CN: We’re hearing more and more about post-release treatment. Are you seeing an increase in those types of programs?
BA: We are seeing more programs like that and I’m a strong advocate of appropriate release planning. We’ve seen some places that have a very active program. For instance, the Hampden County Jail (in Massachusetts) has a very unique process. It views correctional health care, basically, as public health care, which it is. In that particular jail, they have physicians from the community who provide service in the jail and the continuity of care once the inmate is released.
If you want an inmate to stay on meds the best way to do that is to not only discharge them with a limited supply of medication until they can get in, but also set up an appointment for them or at least get them a referral, so they can get the treatment that they need.
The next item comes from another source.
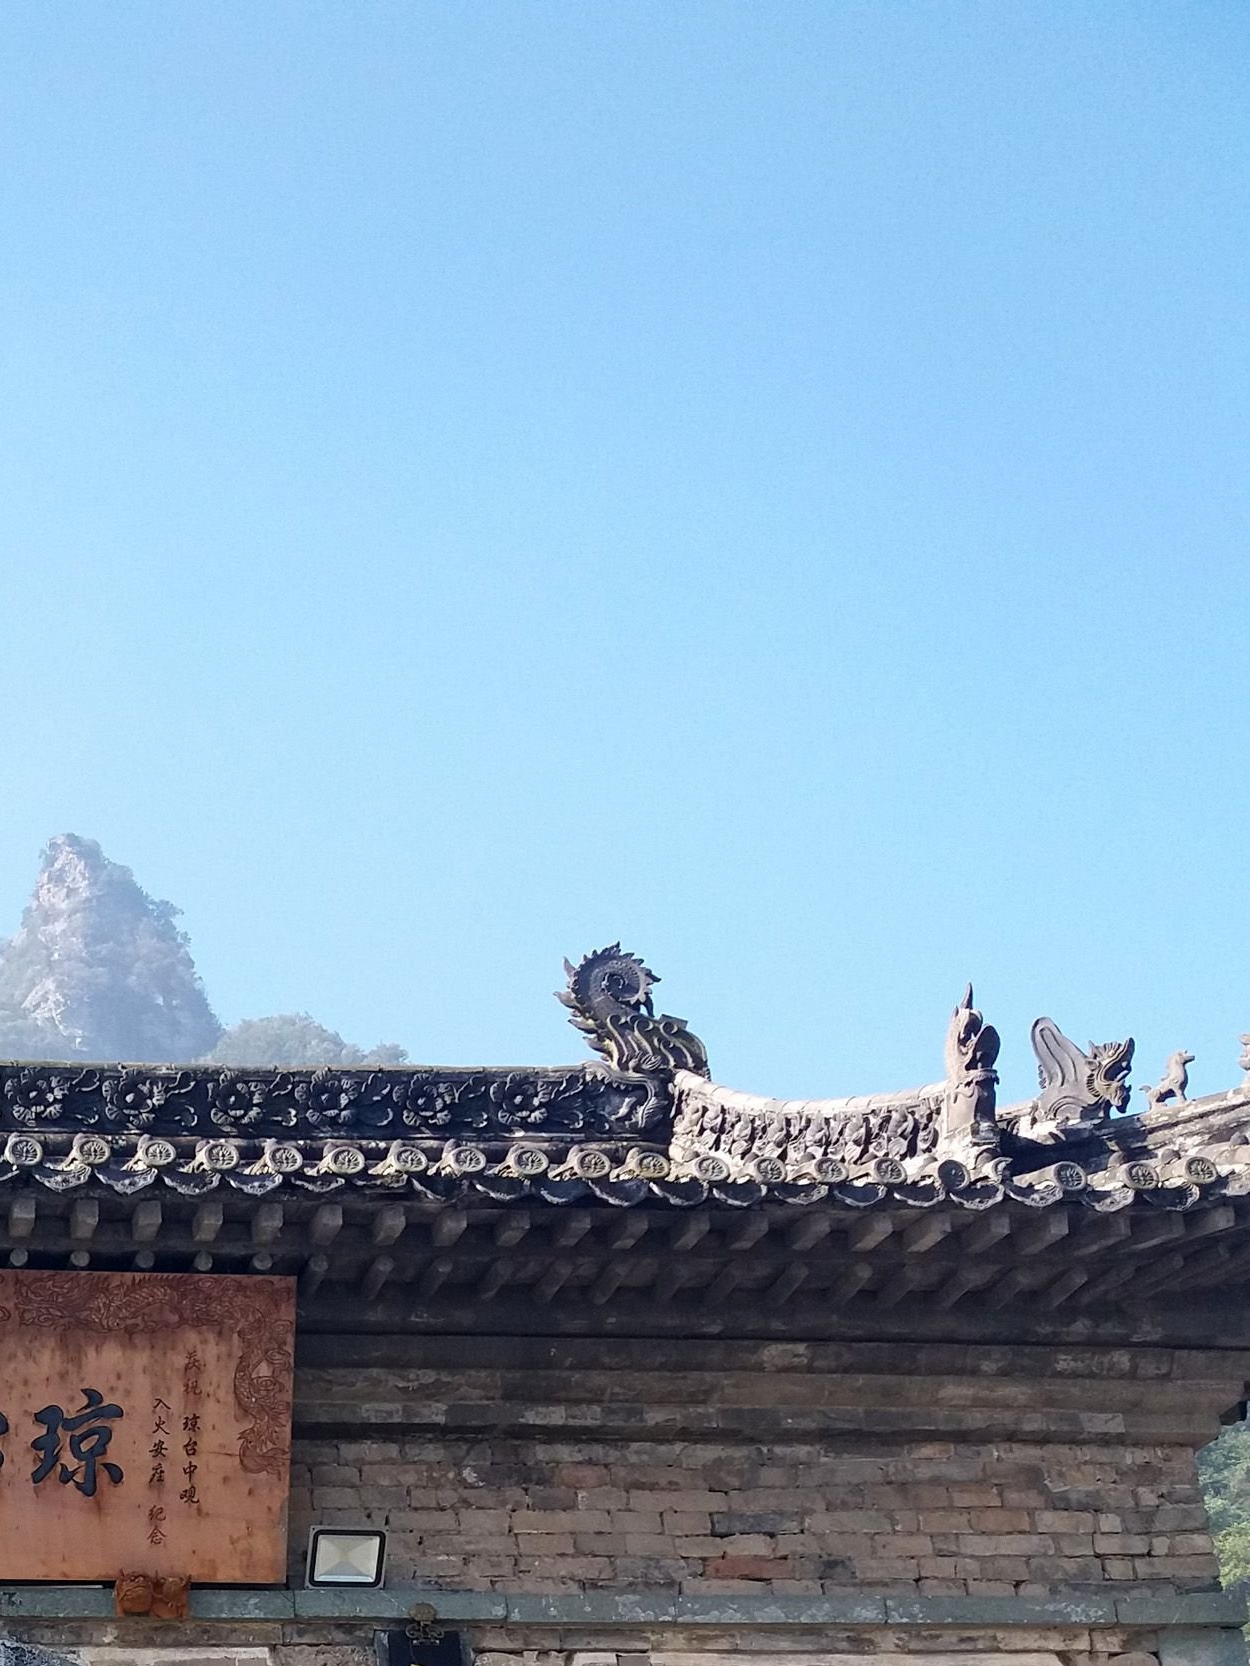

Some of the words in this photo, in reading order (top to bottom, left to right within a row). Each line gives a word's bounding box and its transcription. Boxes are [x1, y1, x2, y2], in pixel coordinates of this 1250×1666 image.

CN: Should that viewpoint be the role of correctional facilities — the idea of correctional facilities providing public health care?
BA: I think it is the role of correctional health care. It is essentially public health. We are dealing with the same population — individuals who are poor who haven’t had good access on the outside, or if they have had access, their access has been through public clinics.
We’re dealing with the same population. I’ve always considered it to be wasteful for correctional facilities to have to rescreen and retest individuals when they have had these same tests within the past year in the community. Because we don’t have access to records and the kind of linkage with public agencies that we should, we end up spending an awful lot of money when people come into our facilities during initial screenings and assessments.
CN: It seems that not everyone in the corrections industry is going to agree with that outlook.
BA: I think you are right. I think that one of the things that many administrators would say is, “Why should I have this obligation? The cost of their care is under my budget while they’re still in my facility, but once they are released into the community I shouldn’t have to pay for it.” Essentially, all I think we are asking the correctional administration to pay for is a limited supply of medication until they can get hooked up in the community.
I think it all depends on how you view a correctional facility. I view it as a part of the community and the bigger world. We say taxpayers should have an interest in ensuring that these people continue to get treated because if they don’t get their meds or if they get off their meds, it’s going to cost more to treat them. I view corrections as just one stop in the chain.